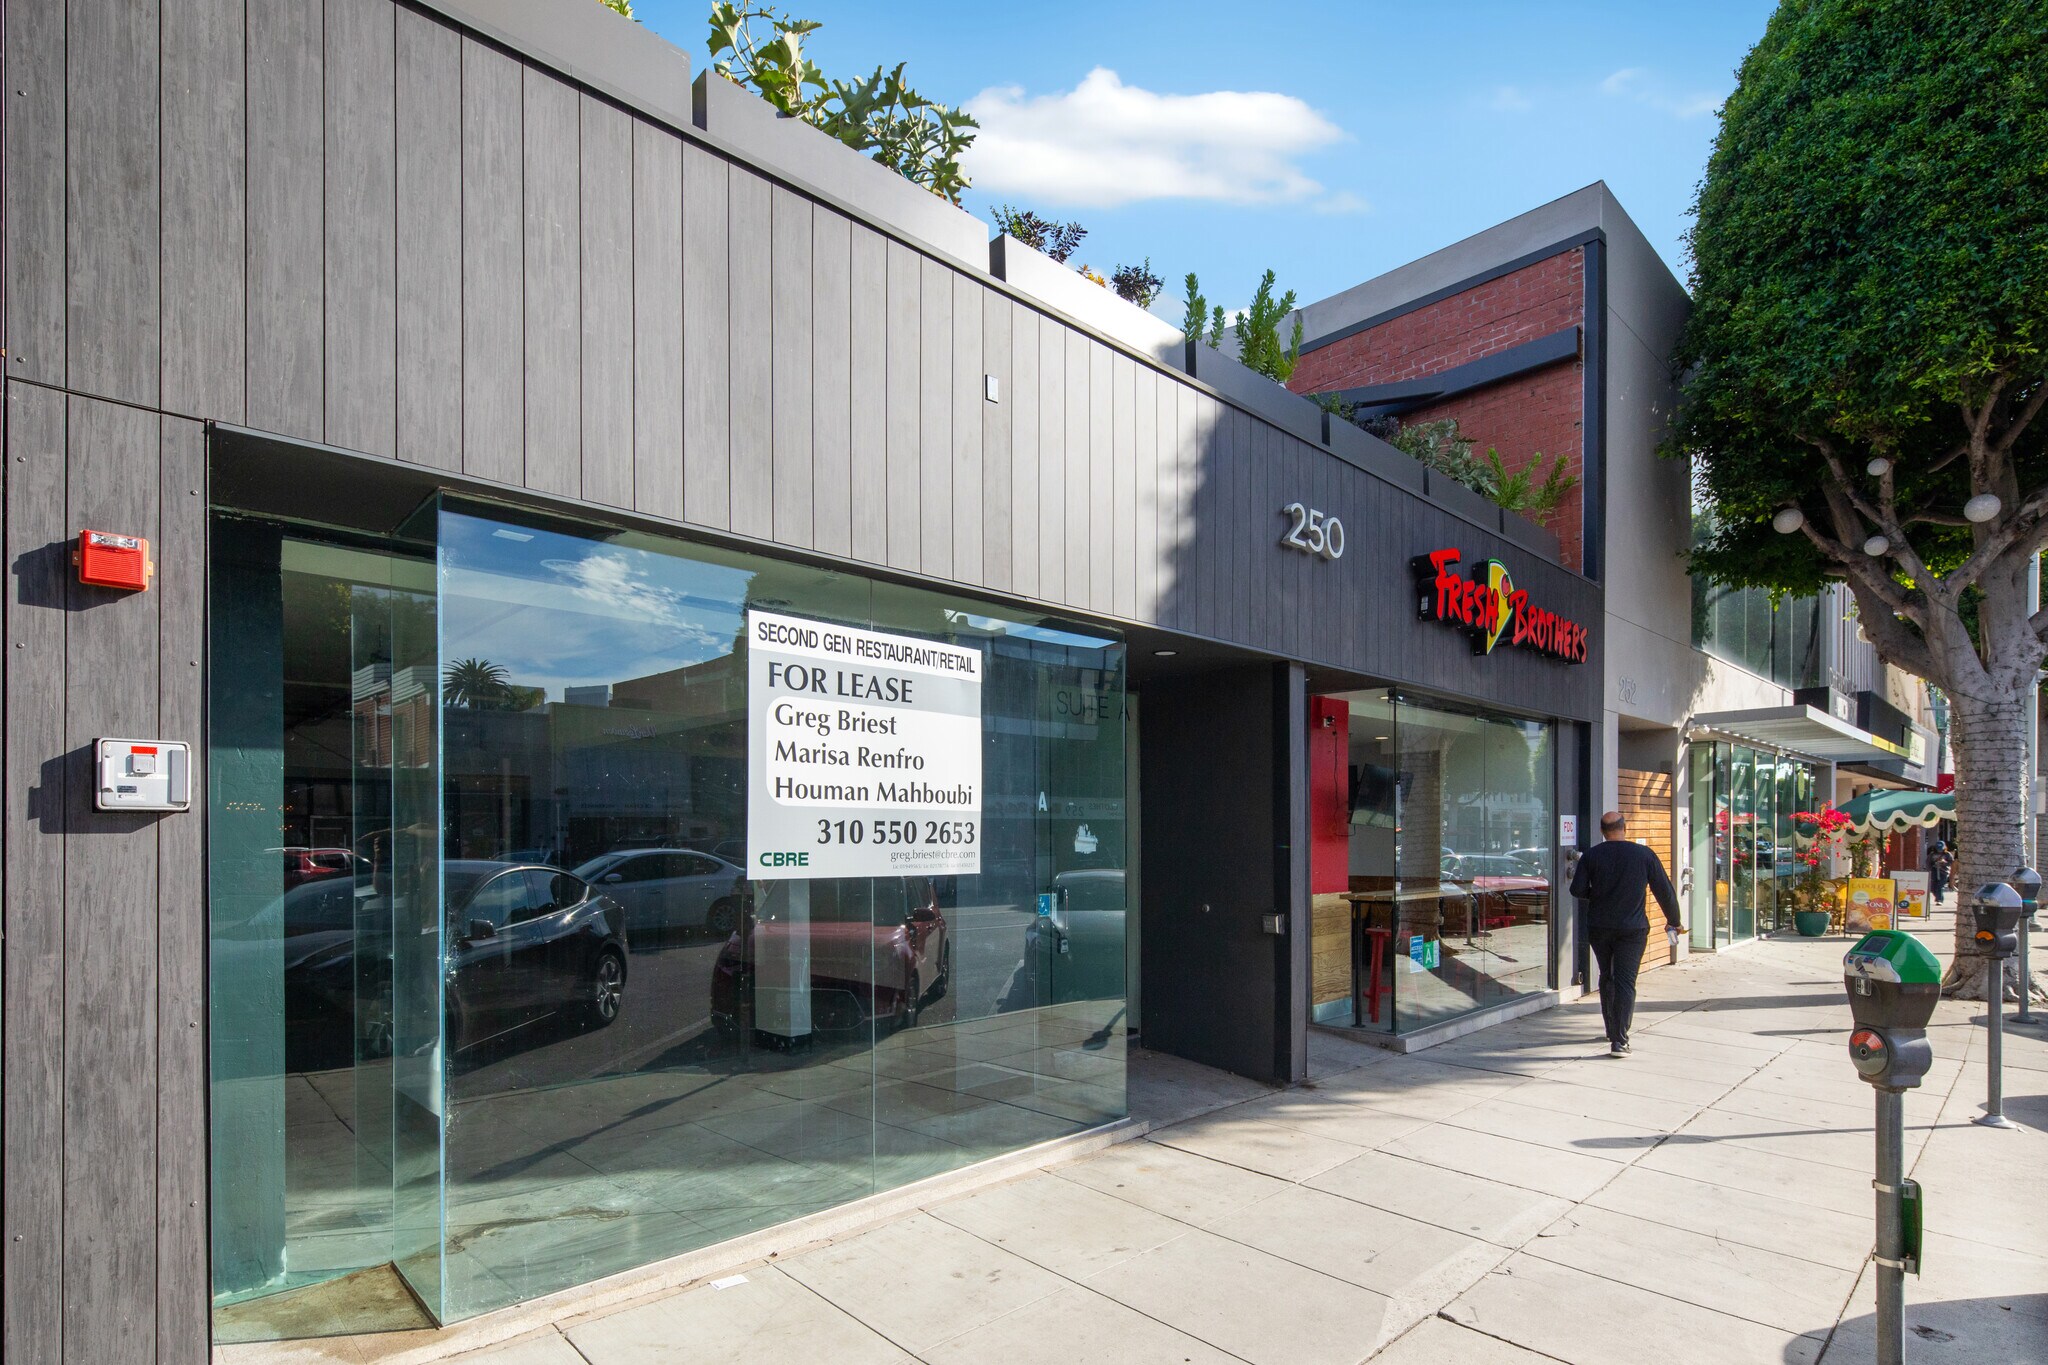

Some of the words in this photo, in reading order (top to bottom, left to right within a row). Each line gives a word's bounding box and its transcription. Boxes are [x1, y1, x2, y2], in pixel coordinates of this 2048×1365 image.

[1282, 502, 1345, 560] 250
[1429, 547, 1499, 635] FRESH
[1508, 588, 1589, 664] BROTHERS
[757, 621, 819, 649] SECOND
[823, 633, 852, 655] GEN
[856, 638, 976, 675] RESTAURANT/RETAIL
[768, 661, 828, 694] FOR
[837, 670, 913, 704] LEASE
[774, 703, 831, 736] Greg
[838, 709, 897, 736] Briest
[774, 740, 850, 766] Marisa
[857, 746, 925, 771] Renfro
[774, 776, 869, 802] Houman
[876, 781, 973, 805] Mahboubi
[1038, 791, 1048, 812] A
[817, 819, 864, 845] 310
[872, 819, 917, 845] 550
[924, 820, 976, 845] 2653
[1563, 821, 1573, 833] FDC
[759, 851, 809, 867] CBRE
[890, 849, 976, 863] greg.briest@cbre.com
[1425, 948, 1432, 964] A

━━━━━━━━━━━━━━━━

▶ _Exercise brief_
The answer must be an exact copy of the entries, with the pictures omitted.

▶ _Expected answer_
Some of the words in this photo, in reading order (top to bottom, left to right within a row). Each line gives a word's bounding box and its transcription. Boxes are [x1, y1, x2, y2], in pixel coordinates of this 2048×1365 image.

[1282, 502, 1345, 560] 250
[1429, 547, 1499, 635] FRESH
[1508, 588, 1589, 664] BROTHERS
[757, 621, 819, 649] SECOND
[823, 633, 852, 655] GEN
[856, 638, 976, 675] RESTAURANT/RETAIL
[768, 661, 828, 694] FOR
[837, 670, 913, 704] LEASE
[774, 703, 831, 736] Greg
[838, 709, 897, 736] Briest
[774, 740, 850, 766] Marisa
[857, 746, 925, 771] Renfro
[774, 776, 869, 802] Houman
[876, 781, 973, 805] Mahboubi
[1038, 791, 1048, 812] A
[817, 819, 864, 845] 310
[872, 819, 917, 845] 550
[924, 820, 976, 845] 2653
[1563, 821, 1573, 833] FDC
[759, 851, 809, 867] CBRE
[890, 849, 976, 863] greg.briest@cbre.com
[1425, 948, 1432, 964] A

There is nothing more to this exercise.